Task prompt:
What you return must match the listing below character for character, minus any pictures.

Records to process:

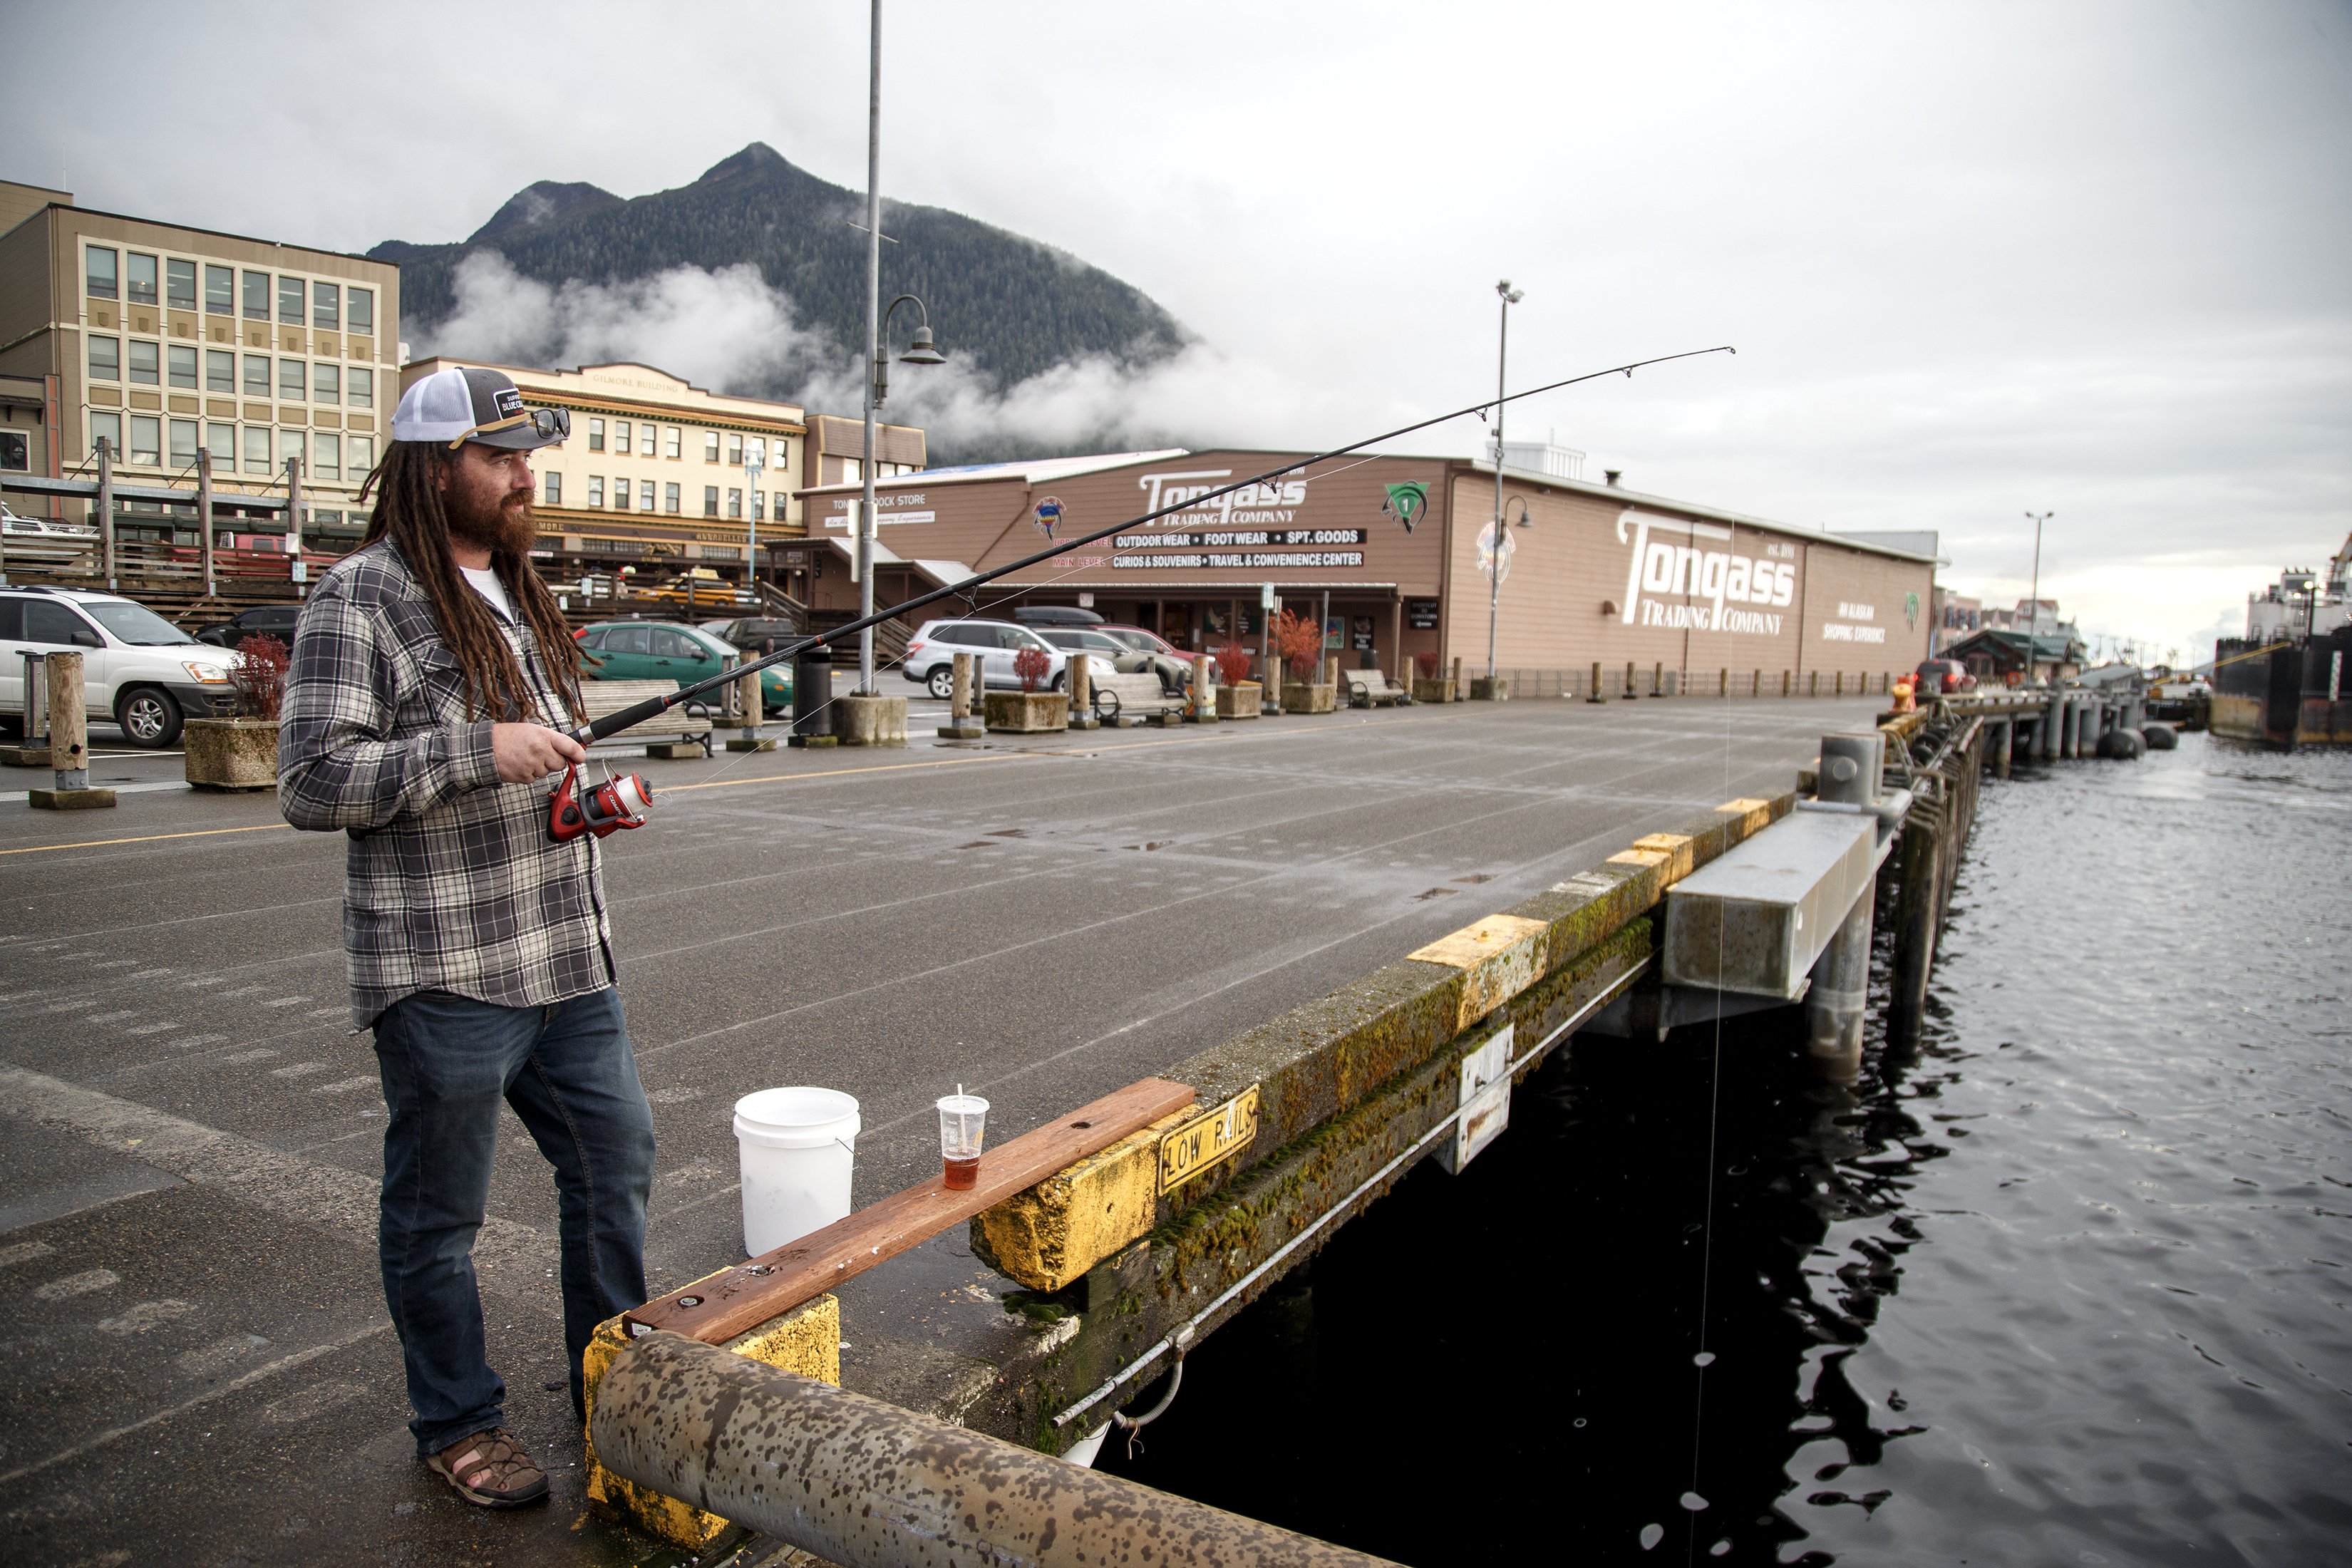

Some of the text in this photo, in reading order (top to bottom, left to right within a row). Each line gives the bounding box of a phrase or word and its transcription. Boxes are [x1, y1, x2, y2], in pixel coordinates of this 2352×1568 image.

[593, 374, 678, 392] GILMORE BUILDING
[502, 401, 517, 411] BLUE
[170, 481, 240, 493] KETCIKAN
[249, 487, 275, 496] CITY
[874, 497, 895, 507] DOCK
[898, 494, 925, 505] STORE
[1140, 469, 1307, 526] Tongass
[1403, 498, 1408, 511] 1
[898, 515, 932, 523] Experience
[1163, 510, 1296, 525] TRADING COMPANY
[538, 522, 564, 532] MORE
[696, 532, 746, 542] ANNABELLES
[1053, 538, 1080, 547] UPP
[1117, 534, 1190, 547] OUTDOOR WEAR
[1287, 530, 1358, 543] SPT. GOODS
[1053, 557, 1105, 567] MAIN LEVEL
[1113, 555, 1202, 567] CURIOS & SOUVENIRS
[1209, 552, 1362, 567] TRAVEL & CONVENIENCE CENTER
[1618, 510, 1795, 631] Tongass
[1642, 599, 1783, 634] TRADING COMPANY
[1839, 602, 1874, 620] AN ALASKAN
[1824, 624, 1885, 643] SHOPPING EXPERIENCE
[1167, 1130, 1202, 1177] LOW

Task result:
Some of the text in this photo, in reading order (top to bottom, left to right within a row). Each line gives the bounding box of a phrase or word and its transcription. Boxes are [x1, y1, x2, y2], in pixel coordinates of this 2352×1568 image.

[593, 374, 678, 392] GILMORE BUILDING
[502, 401, 517, 411] BLUE
[170, 481, 240, 493] KETCIKAN
[249, 487, 275, 496] CITY
[874, 497, 895, 507] DOCK
[898, 494, 925, 505] STORE
[1140, 469, 1307, 526] Tongass
[1403, 498, 1408, 511] 1
[898, 515, 932, 523] Experience
[1163, 510, 1296, 525] TRADING COMPANY
[538, 522, 564, 532] MORE
[696, 532, 746, 542] ANNABELLES
[1053, 538, 1080, 547] UPP
[1117, 534, 1190, 547] OUTDOOR WEAR
[1287, 530, 1358, 543] SPT. GOODS
[1053, 557, 1105, 567] MAIN LEVEL
[1113, 555, 1202, 567] CURIOS & SOUVENIRS
[1209, 552, 1362, 567] TRAVEL & CONVENIENCE CENTER
[1618, 510, 1795, 631] Tongass
[1642, 599, 1783, 634] TRADING COMPANY
[1839, 602, 1874, 620] AN ALASKAN
[1824, 624, 1885, 643] SHOPPING EXPERIENCE
[1167, 1130, 1202, 1177] LOW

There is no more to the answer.